▸ DATASET EXCERPTS:
--------------------

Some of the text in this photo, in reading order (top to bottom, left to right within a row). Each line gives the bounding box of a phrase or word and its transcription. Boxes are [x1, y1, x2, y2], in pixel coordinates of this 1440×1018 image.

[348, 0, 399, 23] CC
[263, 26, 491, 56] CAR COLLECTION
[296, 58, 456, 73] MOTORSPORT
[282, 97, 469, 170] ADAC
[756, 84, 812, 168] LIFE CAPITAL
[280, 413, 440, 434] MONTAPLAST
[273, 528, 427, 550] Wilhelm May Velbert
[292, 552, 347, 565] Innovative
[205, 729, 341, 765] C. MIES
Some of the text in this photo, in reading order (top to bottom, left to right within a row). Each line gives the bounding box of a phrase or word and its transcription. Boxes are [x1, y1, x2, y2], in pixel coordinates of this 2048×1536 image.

--------------------

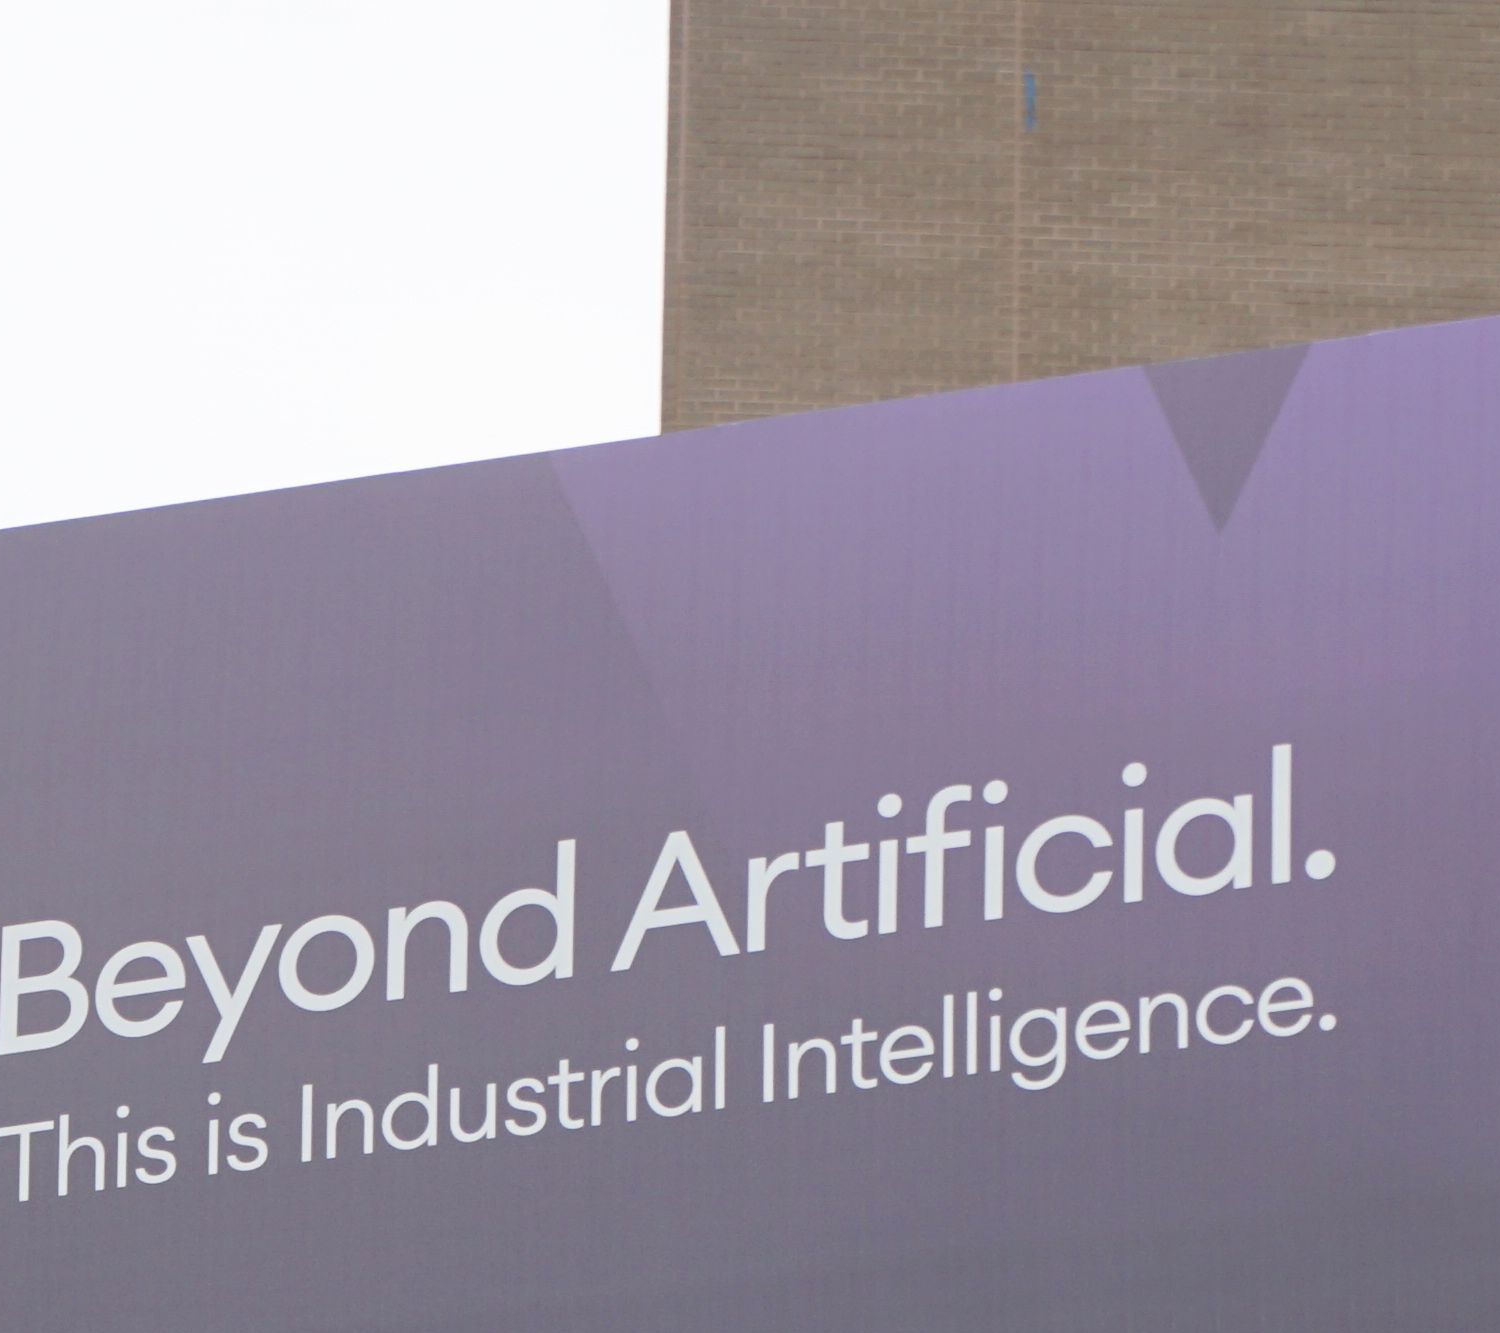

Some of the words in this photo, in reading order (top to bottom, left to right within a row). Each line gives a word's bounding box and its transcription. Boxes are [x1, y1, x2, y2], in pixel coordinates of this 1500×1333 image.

--------------------

▸ TASK OBJECTIVE: Retype exactly the lines above, from the one with "this 1440×1018 image." through the one with "this 2048×1536 image.", inclusive.

▸ EXERCISE SOLUTION:
Some of the text in this photo, in reading order (top to bottom, left to right within a row). Each line gives the bounding box of a phrase or word and its transcription. Boxes are [x1, y1, x2, y2], in pixel coordinates of this 1440×1018 image.

[348, 0, 399, 23] CC
[263, 26, 491, 56] CAR COLLECTION
[296, 58, 456, 73] MOTORSPORT
[282, 97, 469, 170] ADAC
[756, 84, 812, 168] LIFE CAPITAL
[280, 413, 440, 434] MONTAPLAST
[273, 528, 427, 550] Wilhelm May Velbert
[292, 552, 347, 565] Innovative
[205, 729, 341, 765] C. MIES
Some of the text in this photo, in reading order (top to bottom, left to right within a row). Each line gives the bounding box of a phrase or word and its transcription. Boxes are [x1, y1, x2, y2], in pixel coordinates of this 2048×1536 image.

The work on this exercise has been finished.